* Provided entries *
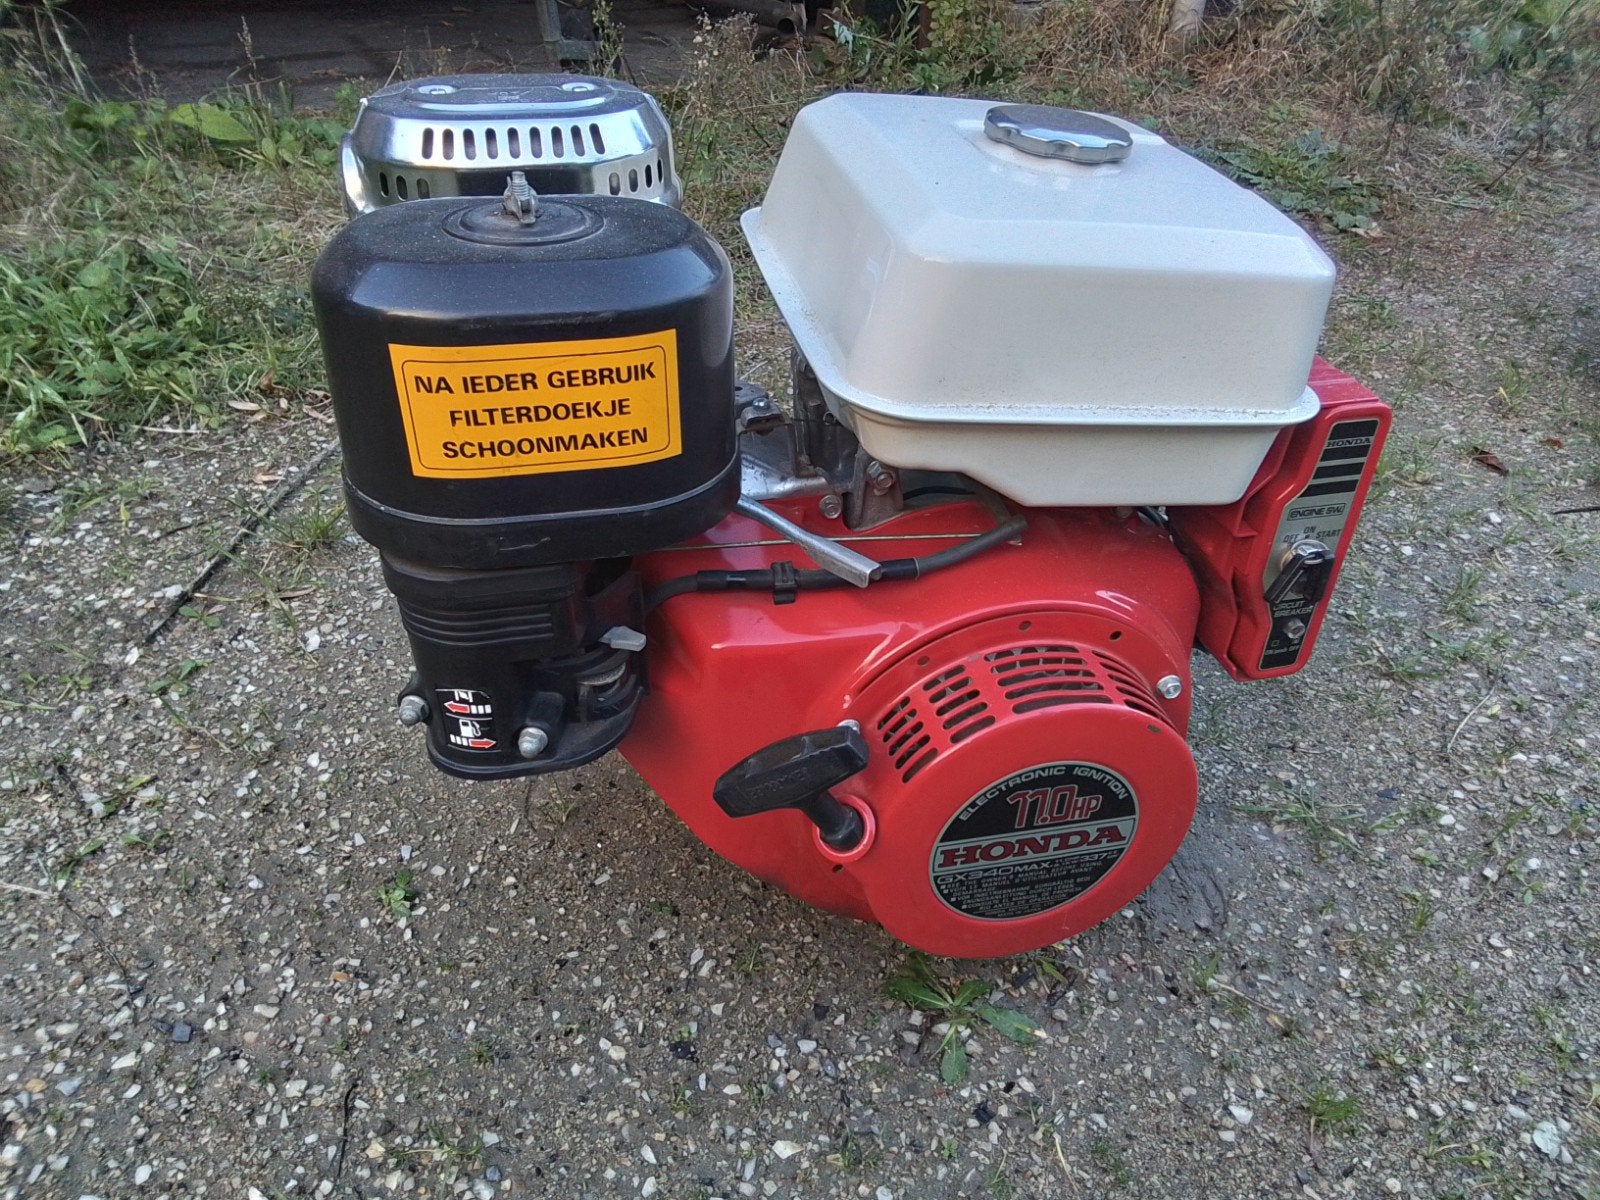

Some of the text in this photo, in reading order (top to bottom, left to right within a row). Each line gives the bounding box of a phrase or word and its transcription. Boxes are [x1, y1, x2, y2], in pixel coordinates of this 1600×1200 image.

[414, 361, 656, 394] NA IEDER GEBRUIK
[449, 398, 631, 427] FILTERDOEKJE
[442, 427, 649, 459] SCHOONMAKEN
[1327, 437, 1370, 448] HONDA
[1290, 507, 1326, 518] ENGINE
[1283, 529, 1343, 543] OFF START
[1303, 526, 1316, 534] ON
[1274, 607, 1312, 618] BREAKER
[959, 766, 1129, 821] ELECTRONIC IGNITION
[938, 825, 1127, 868] HONDA
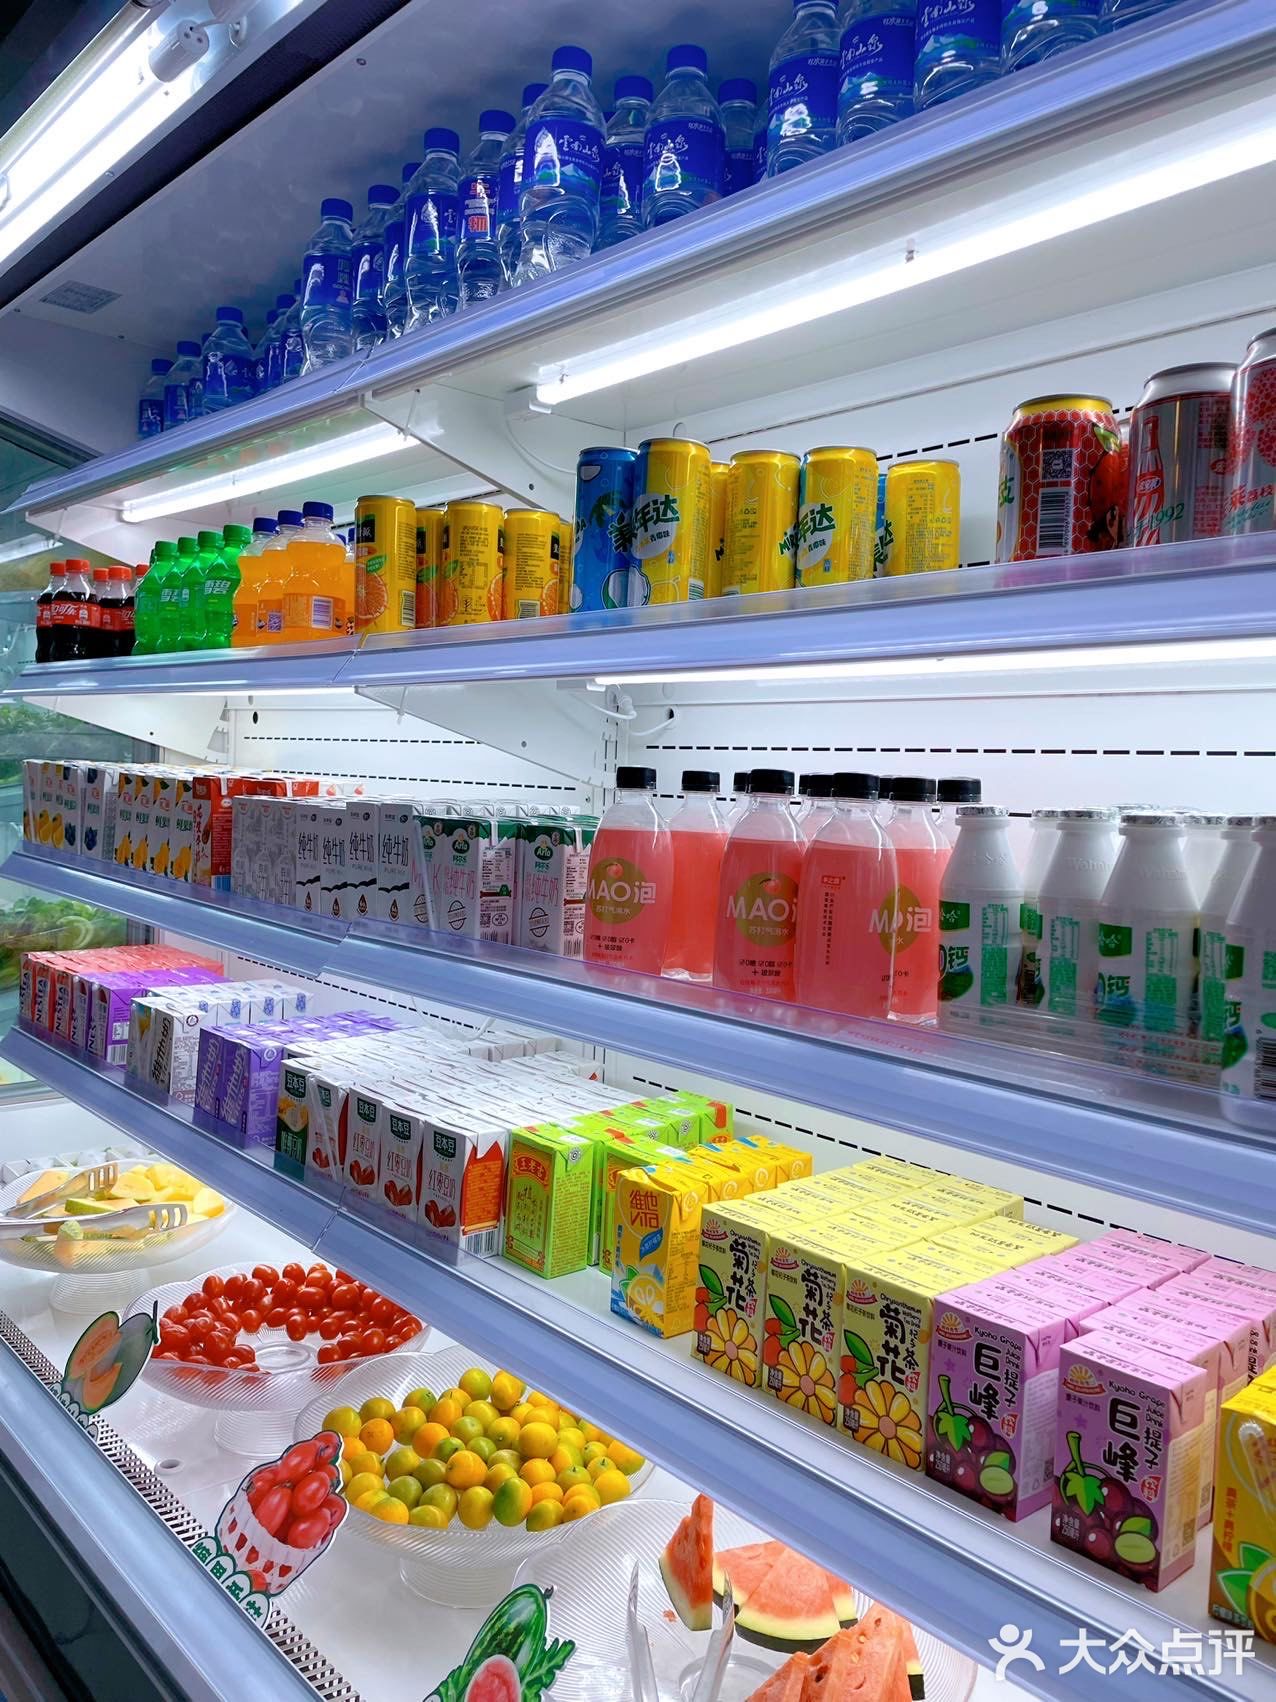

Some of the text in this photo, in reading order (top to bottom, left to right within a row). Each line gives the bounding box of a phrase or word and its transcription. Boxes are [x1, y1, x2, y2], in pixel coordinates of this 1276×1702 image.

[204, 579, 231, 595] 雪碧
[323, 837, 345, 867] 纯牛奶
[349, 831, 375, 863] 纯牛奶
[382, 833, 409, 867] 纯牛奶
[359, 1102, 375, 1118] 豆本豆
[392, 1119, 410, 1136] 豆本豆
[435, 1134, 454, 1153] 豆本豆
[726, 1238, 750, 1312] 菊花
[798, 1268, 823, 1345] 菊花
[876, 1303, 906, 1385] 菊花
[975, 1326, 998, 1341] Kyoho
[970, 1342, 1002, 1421] 巨峰
[1109, 1380, 1136, 1396] Kyoho
[1103, 1397, 1141, 1483] 巨峰
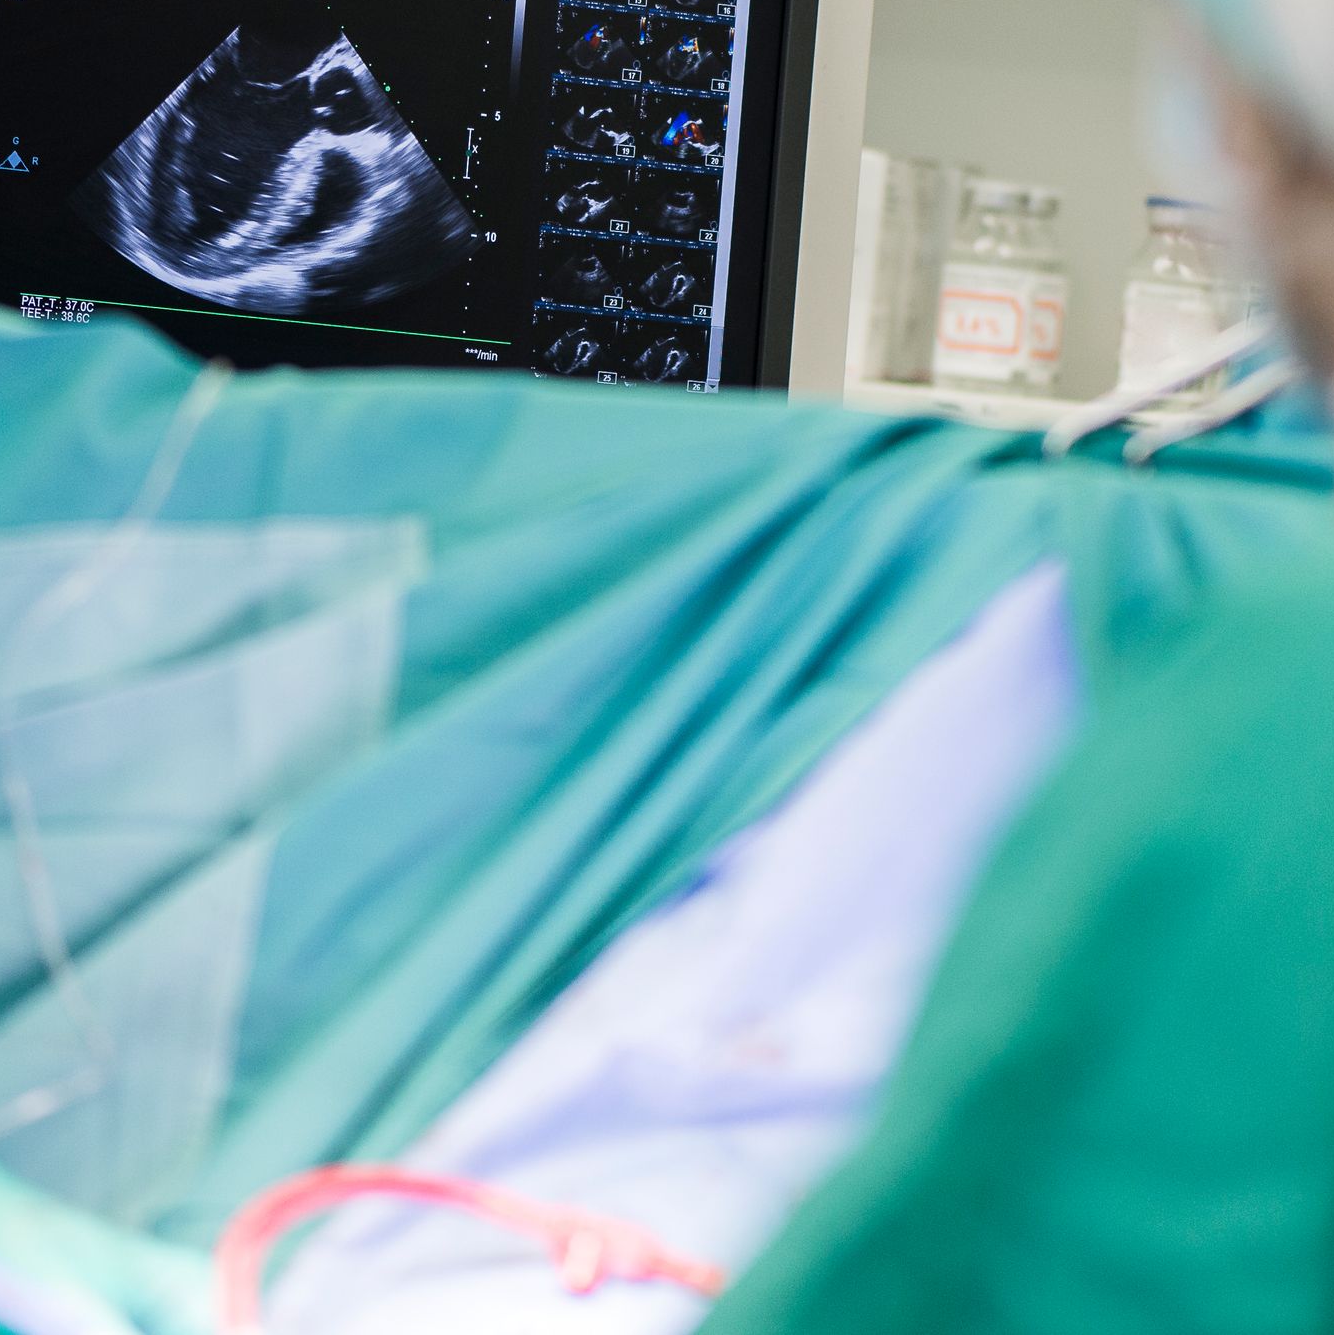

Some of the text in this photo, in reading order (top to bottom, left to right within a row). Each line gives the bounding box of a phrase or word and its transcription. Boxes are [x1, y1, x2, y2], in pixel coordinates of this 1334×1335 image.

[723, 7, 731, 15] 16
[628, 72, 636, 80] 17
[717, 82, 725, 90] 18
[494, 110, 501, 122] 5
[12, 136, 20, 145] G
[622, 147, 631, 155] 19
[32, 156, 39, 166] R
[710, 157, 719, 165] 20
[615, 223, 624, 231] 21
[485, 231, 497, 243] 10
[704, 232, 713, 240] 22
[21, 295, 95, 313] PAT.-T.: 37.0C
[609, 298, 618, 306] 23
[20, 306, 90, 324] TEE-T.: 38.6C
[698, 308, 707, 316] 24
[603, 374, 612, 383] 25
[692, 382, 701, 391] 26

* Directions for this task *
If pictures appear in the data, omit them and copy all other parts exactly.

* Solved exercise *
Some of the text in this photo, in reading order (top to bottom, left to right within a row). Each line gives the bounding box of a phrase or word and its transcription. Boxes are [x1, y1, x2, y2], in pixel coordinates of this 1600×1200 image.

[414, 361, 656, 394] NA IEDER GEBRUIK
[449, 398, 631, 427] FILTERDOEKJE
[442, 427, 649, 459] SCHOONMAKEN
[1327, 437, 1370, 448] HONDA
[1290, 507, 1326, 518] ENGINE
[1283, 529, 1343, 543] OFF START
[1303, 526, 1316, 534] ON
[1274, 607, 1312, 618] BREAKER
[959, 766, 1129, 821] ELECTRONIC IGNITION
[938, 825, 1127, 868] HONDA

Some of the text in this photo, in reading order (top to bottom, left to right within a row). Each line gives the bounding box of a phrase or word and its transcription. Boxes are [x1, y1, x2, y2], in pixel coordinates of this 1276×1702 image.

[204, 579, 231, 595] 雪碧
[323, 837, 345, 867] 纯牛奶
[349, 831, 375, 863] 纯牛奶
[382, 833, 409, 867] 纯牛奶
[359, 1102, 375, 1118] 豆本豆
[392, 1119, 410, 1136] 豆本豆
[435, 1134, 454, 1153] 豆本豆
[726, 1238, 750, 1312] 菊花
[798, 1268, 823, 1345] 菊花
[876, 1303, 906, 1385] 菊花
[975, 1326, 998, 1341] Kyoho
[970, 1342, 1002, 1421] 巨峰
[1109, 1380, 1136, 1396] Kyoho
[1103, 1397, 1141, 1483] 巨峰

Some of the text in this photo, in reading order (top to bottom, left to right within a row). Each line gives the bounding box of a phrase or word and its transcription. Boxes are [x1, y1, x2, y2], in pixel coordinates of this 1334×1335 image.

[723, 7, 731, 15] 16
[628, 72, 636, 80] 17
[717, 82, 725, 90] 18
[494, 110, 501, 122] 5
[12, 136, 20, 145] G
[622, 147, 631, 155] 19
[32, 156, 39, 166] R
[710, 157, 719, 165] 20
[615, 223, 624, 231] 21
[485, 231, 497, 243] 10
[704, 232, 713, 240] 22
[21, 295, 95, 313] PAT.-T.: 37.0C
[609, 298, 618, 306] 23
[20, 306, 90, 324] TEE-T.: 38.6C
[698, 308, 707, 316] 24
[603, 374, 612, 383] 25
[692, 382, 701, 391] 26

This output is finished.